Pourquoi certaines personnes s'éloignent lorsqu'elles commencent à tomber amoureuses


Tout va bien.

En fait, bien. Le genre de puits qui semble rare et réel et qui mérite d’être conservé.

Et puis quelque chose change. Un retrait subtil. Moins de textos. Plus de distance. Une chaleur constante hier et un peu plus fraîche aujourd'hui. Et la personne qui en fait l’expérience de l’extérieur se demande ce qu’elle a fait de mal.

Presque toujours, la réponse est rien.

Quand la proximité devient le danger

La plupart des gens supposent que s’éloigner d’une relation signifie que quelque chose ne va pas dans la relation.

Parfois, c'est vrai. Mais le plus souvent – ​​surtout lorsque le retrait se produit exactement au moment où tout va vraiment bien – cela n’a presque rien à voir avec la relation.

Cela a à voir avec ce que déclenche une véritable proximité chez les personnes qui ont appris très tôt que la proximité n’est pas sûre.

Le système nerveux est un appareil d'enregistrement. Dès les premières années de la vie, il s’agit de documenter ce à quoi ressemble l’intimité, ce qu’elle coûte, ce qu’elle tend à produire. Et pour les personnes qui ont grandi dans des environnements où l’amour était imprévisible, où la proximité était suivie d’abandon, de critique ou de douleur, le système nerveux émet une conclusion qui s’applique pendant des décennies.

La proximité mène à la souffrance. S'attacher, c'est se blesser. Plus quelqu’un compte, plus sa perte coûtera cher.

Cette conclusion ne s’annonce pas consciemment. Il s’active simplement – ​​automatiquement, de manière protectrice – à chaque fois qu’une véritable intimité approche. Et il s’active plus puissamment non pas lorsque les choses sont incertaines ou difficiles, mais lorsque les choses vont vraiment bien. Parce que le bien signifie le réel. Et cela signifie réellement qu’il y a maintenant quelque chose d’important à perdre.

Le retrait n'est pas une décision. C'est une défense. Un ancien, construit pour une ancienne menace, qui échoue désormais dans un présent qui ne l'exige pas.

Le moment précis où cela a tendance à se produire

C’est la partie à laquelle il convient de prêter une attention particulière.

Les ruptures dans les relations ne se produisent presque jamais par hasard. Cela se produit à des seuils spécifiques – des moments où le niveau d’intimité traverse un territoire qui semble véritablement nouveau et véritablement vulnérable.

C’est la première fois qu’une conversation va plus loin que la surface. C’est la première fois que les sentiments authentiques sont reconnus plutôt qu’implicites. La première fois, l’avenir est évoqué naturellement, sans gêne. La première fois qu'on est avec cette personne, c'est moins comme une relation amoureuse que comme une appartenance à quelque part.

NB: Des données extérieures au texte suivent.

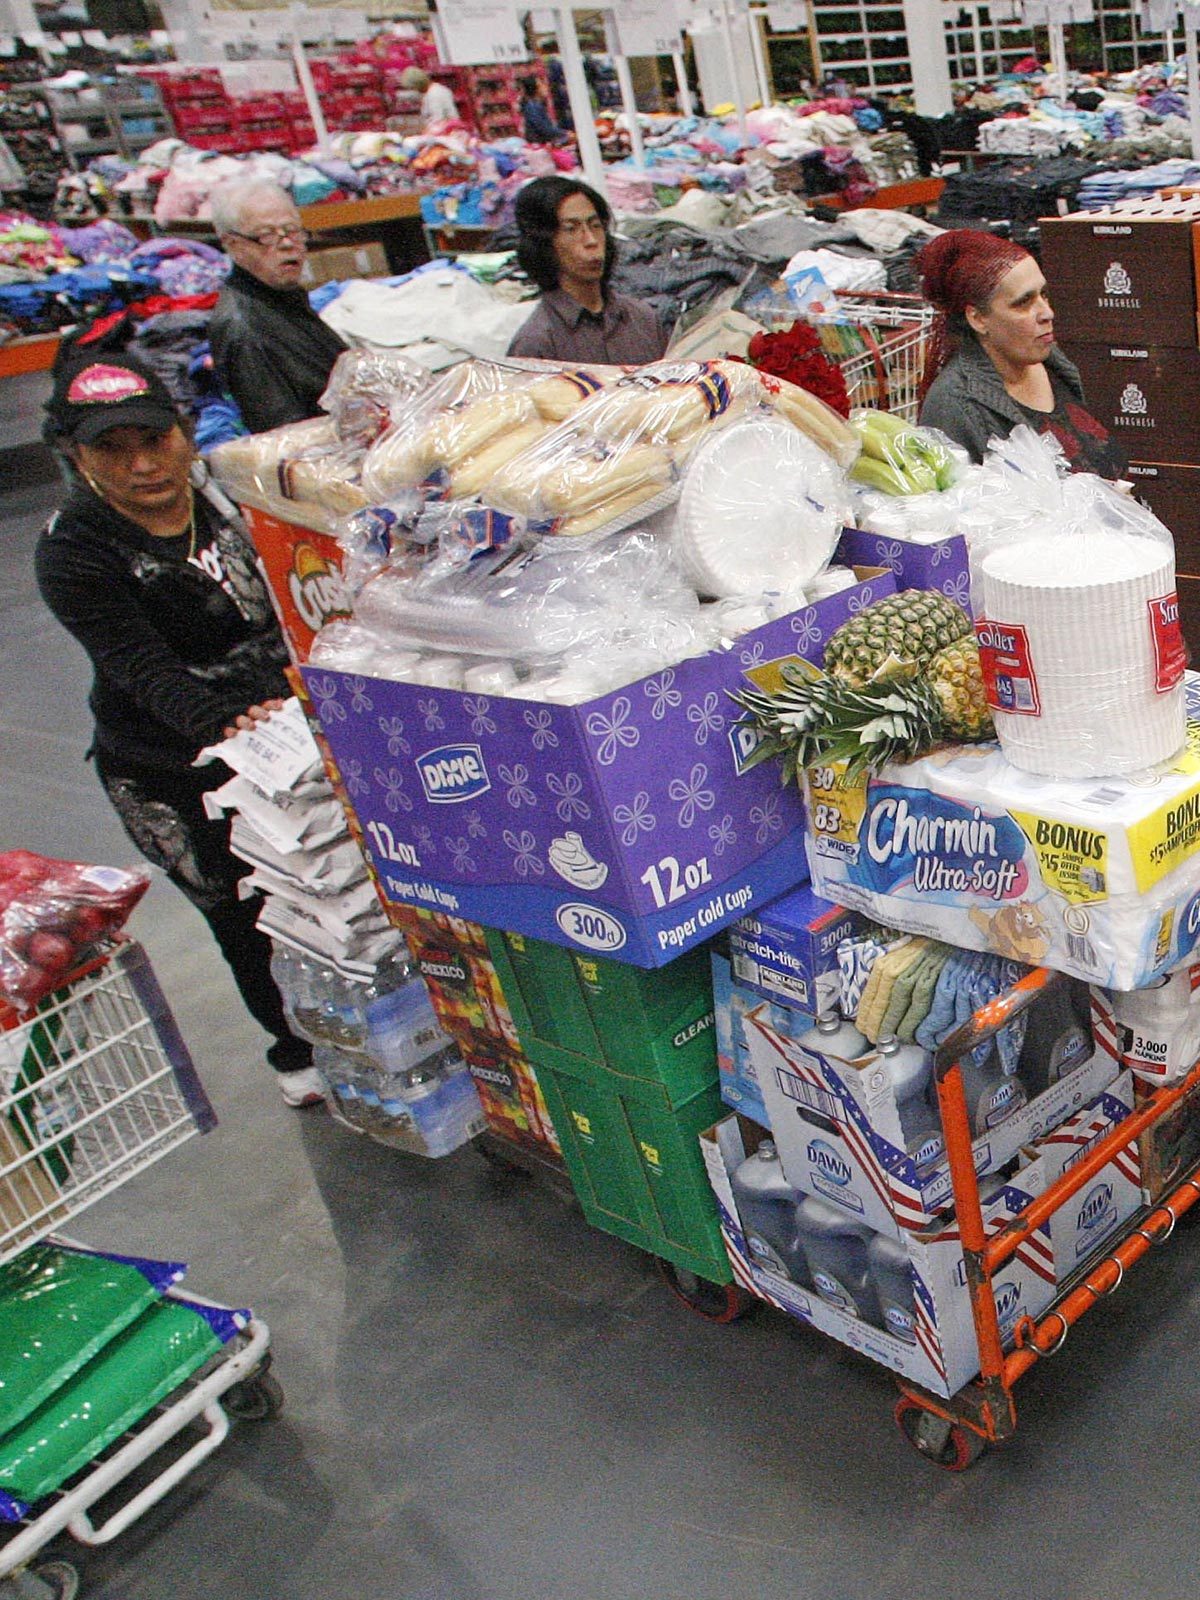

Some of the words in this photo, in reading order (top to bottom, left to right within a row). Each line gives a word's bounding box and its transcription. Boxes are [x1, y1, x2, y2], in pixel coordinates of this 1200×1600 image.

[1093, 226, 1132, 235] KIRKLAND
[1098, 298, 1141, 308] BORGHESE
[1111, 349, 1149, 358] KIRKLAND
[1114, 416, 1156, 428] BORGHESE
[812, 767, 835, 791] 30
[814, 803, 842, 834] 83
[868, 798, 999, 864] Charmin
[1036, 819, 1107, 861] BONUS
[367, 820, 422, 869] 12oz
[1040, 851, 1060, 873] $15
[1060, 861, 1081, 872] OFFER
[1061, 852, 1085, 866] SAMPLE
[640, 856, 713, 909] 12oz
[914, 856, 968, 892] Ultra
[970, 859, 1020, 900] Soft
[1059, 870, 1080, 881] INSIDE
[386, 874, 412, 899] Paper
[415, 881, 436, 902] Cold
[436, 886, 461, 910] Cups
[657, 916, 697, 950] Paper
[698, 896, 726, 928] Cold
[725, 884, 753, 912] Cups
[820, 921, 853, 953] 3000
[731, 935, 802, 970] stretch-tite
[420, 961, 466, 981] MEXICO
[764, 969, 804, 990] KIRKLAND
[673, 1012, 716, 1047] CLEAN
[1134, 1049, 1167, 1063] NAPKINS
[1135, 1037, 1168, 1054] 3,000
[469, 1065, 512, 1087] MEXICO
[991, 1083, 1015, 1107] DAWN
[806, 1144, 853, 1182] DAWN
[914, 1139, 941, 1163] DAWN
[1077, 1182, 1114, 1231] DAWN

Chacun de ces moments est beau sous un angle et terrifiant sous un autre.

Car chacun fait monter les enchères. Chacun d’entre eux signifie que d’autres sont désormais en danger. Chacune nécessite un niveau de confiance dans le fait que les personnes ayant subi des blessures précoces dans l’intimité ont de très bonnes raisons – d’anciennes raisons, des raisons légitimes – de ne pas s’étendre facilement.

Et alors que les choses deviennent plus réelles, la distance arrive. Parfois comme une activité. Parfois comme une soudaine redécouverte de l’indépendance. Parfois, il s’agit d’un conflit fabriqué qui crée une marge de manœuvre sans exiger d’honnêteté quant à la raison pour laquelle cette marge de manœuvre est nécessaire.

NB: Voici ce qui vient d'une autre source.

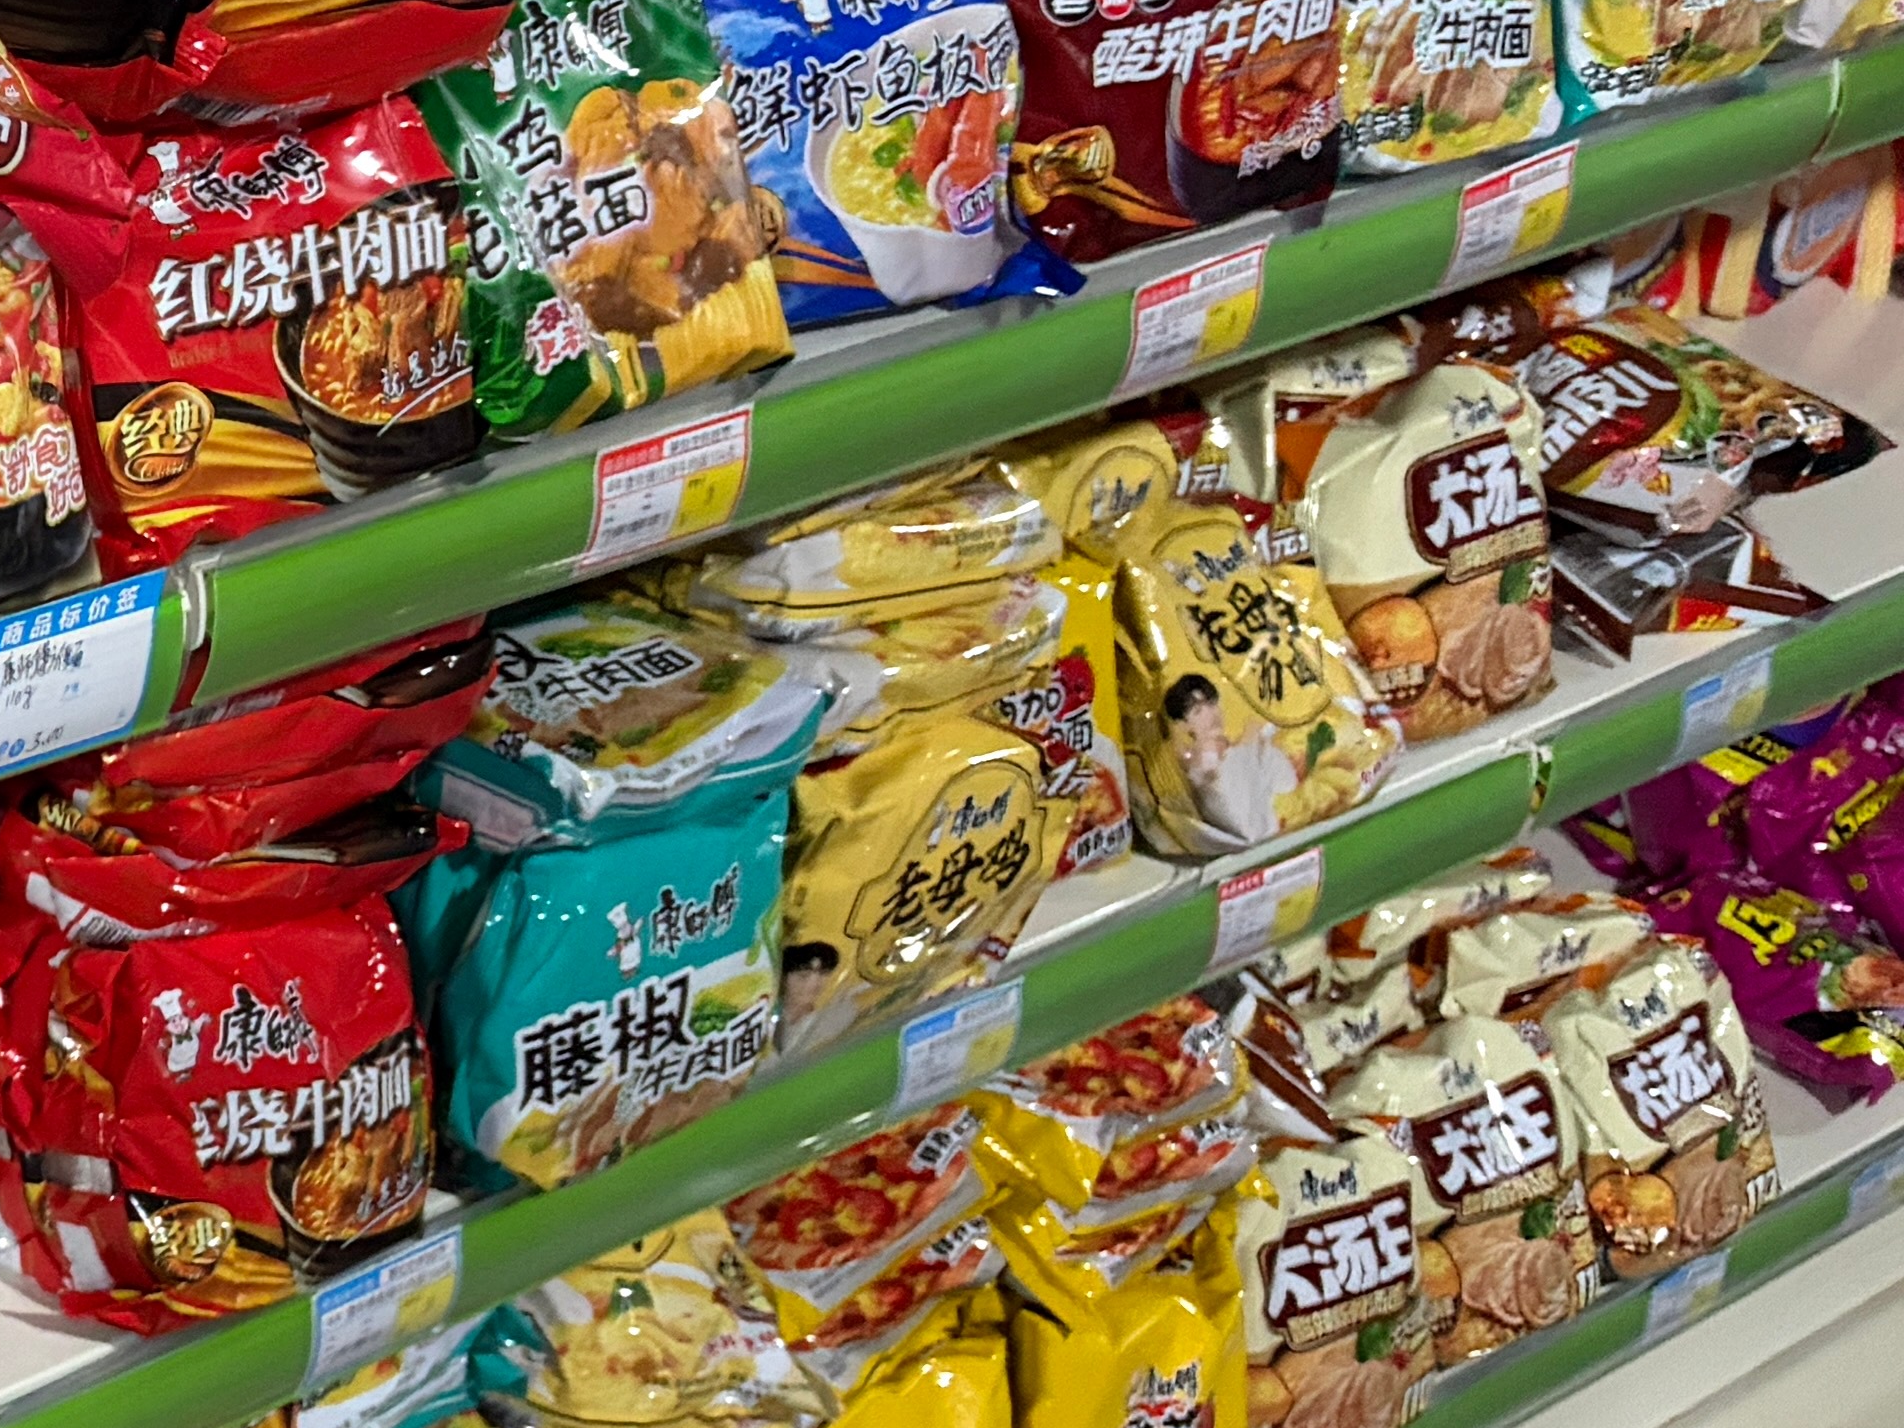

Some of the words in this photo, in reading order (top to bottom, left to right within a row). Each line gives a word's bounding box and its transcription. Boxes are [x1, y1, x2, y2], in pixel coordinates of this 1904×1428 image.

Le timing est ce qui rend les choses si déroutantes de l’extérieur. Parce que le retrait ressemble à une réponse à quelque chose que l’autre personne a fait. Et ce n’est presque jamais le cas.

Que se passe-t-il réellement en dessous

Il existe un terme en psychologie de l’attachement – ​​l’attachement évitant – qui décrit un modèle de relation dans lequel la distance émotionnelle devient le principal moyen de gérer la peur de l’intimité.

Les personnes ayant un attachement évitant n’ont pas choisi ce modèle. Il a été façonné par des expériences précoces où les besoins émotionnels étaient systématiquement non satisfaits, rejetés ou où l'expression d'un besoin conduisait à des résultats qui semblaient pires que sa suppression.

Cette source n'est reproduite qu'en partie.